[Referring expression grounding data]
◇ ◇ ◇ ◇

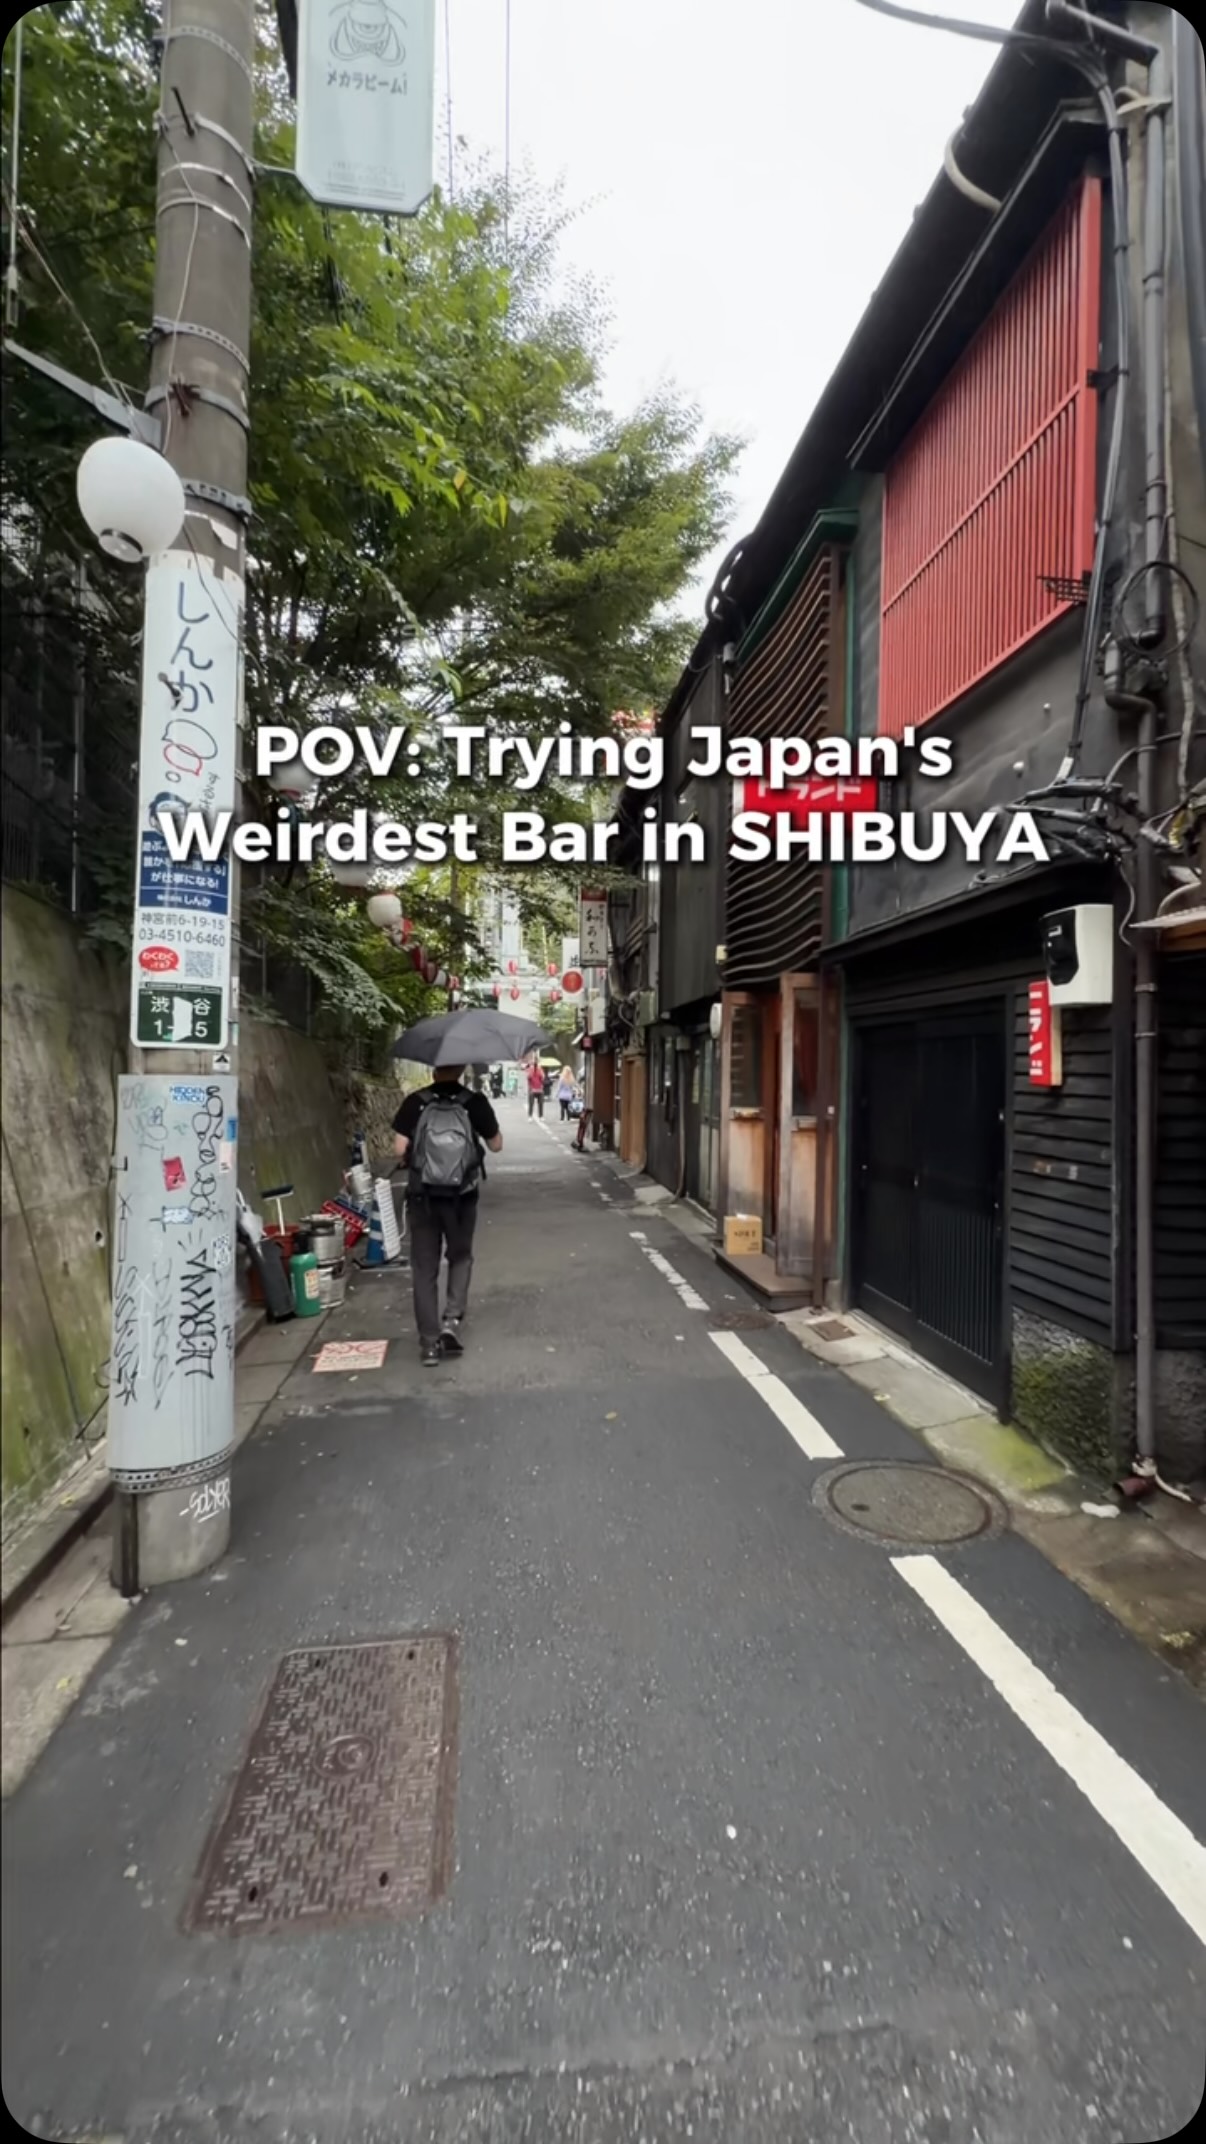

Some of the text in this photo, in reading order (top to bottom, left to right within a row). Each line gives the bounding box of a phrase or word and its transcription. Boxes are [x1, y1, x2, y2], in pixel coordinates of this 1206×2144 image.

[141, 912, 225, 931] 神宮前6-19-15
[139, 929, 226, 947] 03-4510-6460
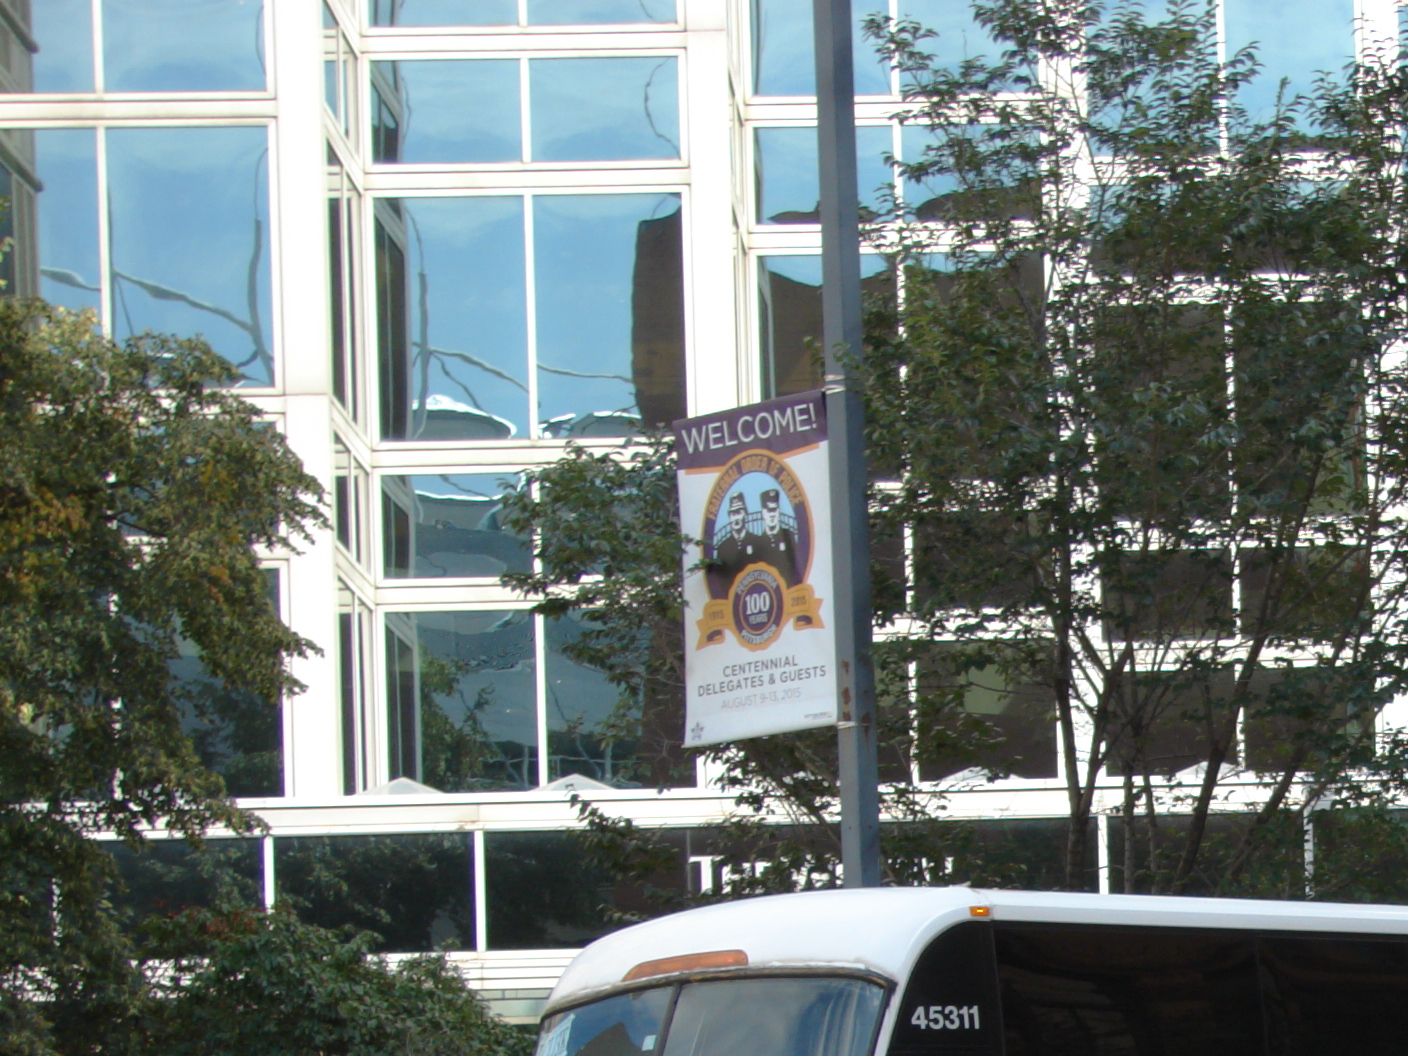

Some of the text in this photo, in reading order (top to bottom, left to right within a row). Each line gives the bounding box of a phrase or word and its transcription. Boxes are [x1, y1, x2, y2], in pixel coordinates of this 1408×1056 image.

[681, 402, 817, 454] WELCOME!
[744, 592, 771, 615] 100
[723, 655, 799, 678] CENTENNIAL
[697, 665, 827, 697] DELEGATES & GUESTS
[721, 694, 757, 709] AUGUST
[781, 687, 801, 700] 2015
[911, 1005, 980, 1030] 45311
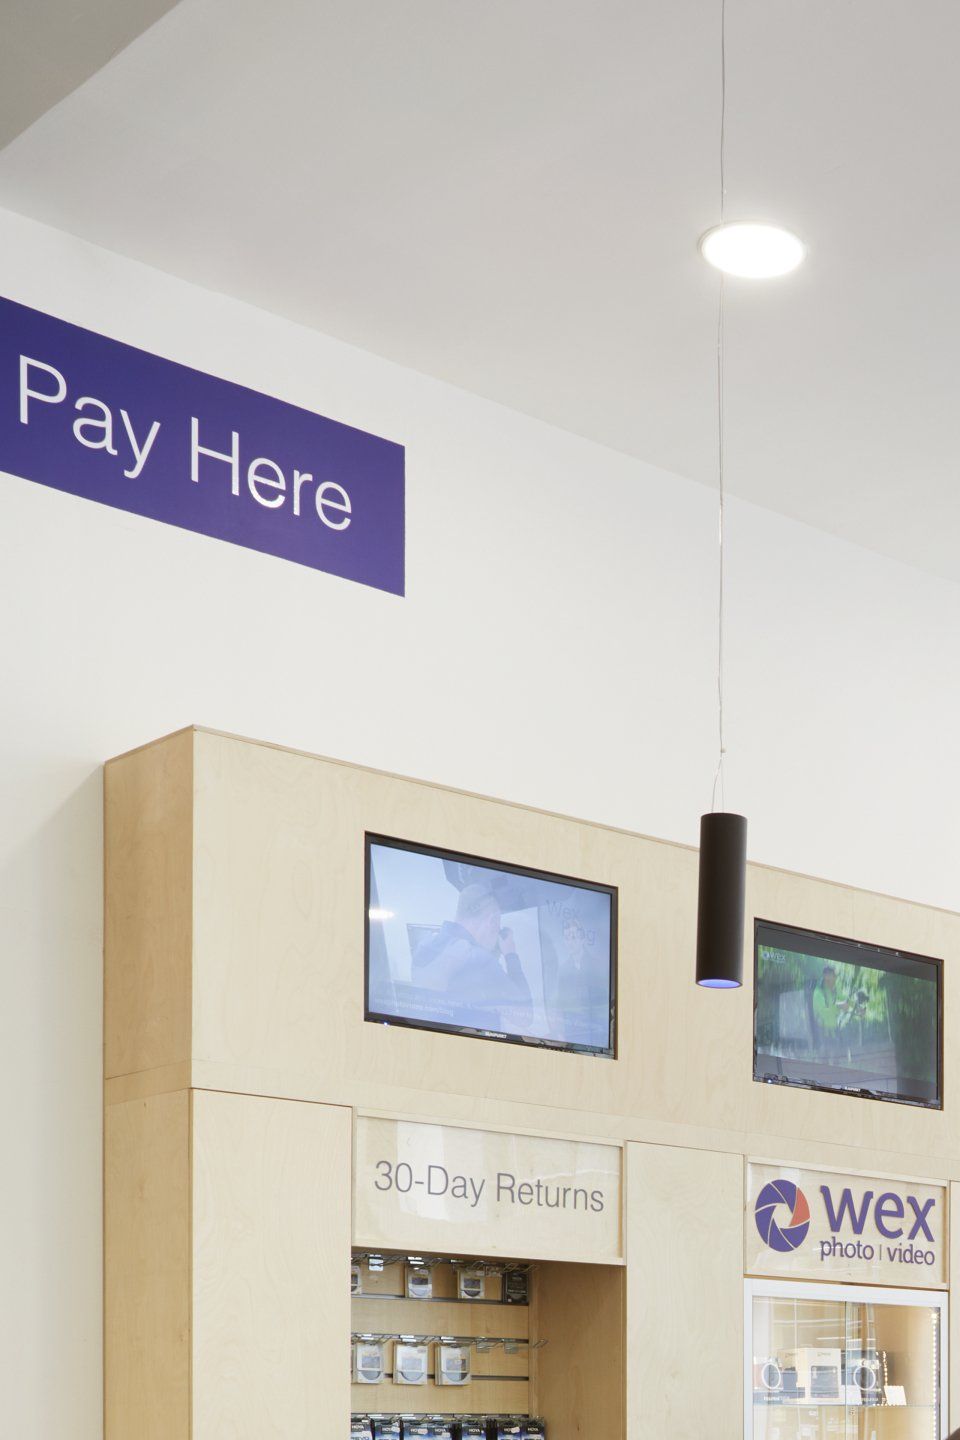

◇ ◇ ◇ ◇

**Task requirements:** Please repeat the entries exactly. Do not include the pictures.

**Answer to this exercise:**
Some of the text in this photo, in reading order (top to bottom, left to right within a row). Each line gives the bounding box of a phrase or word and its transcription. Boxes are [x1, y1, x2, y2], in pixel coordinates of this 1206×2144 image.

[141, 912, 225, 931] 神宮前6-19-15
[139, 929, 226, 947] 03-4510-6460

Some of the text in this photo, in reading order (top to bottom, left to right within a row). Each line gives the bounding box of a phrase or word and its transcription. Boxes are [x1, y1, x2, y2], in pixel coordinates of this 1408×1056 image.

[681, 402, 817, 454] WELCOME!
[744, 592, 771, 615] 100
[723, 655, 799, 678] CENTENNIAL
[697, 665, 827, 697] DELEGATES & GUESTS
[721, 694, 757, 709] AUGUST
[781, 687, 801, 700] 2015
[911, 1005, 980, 1030] 45311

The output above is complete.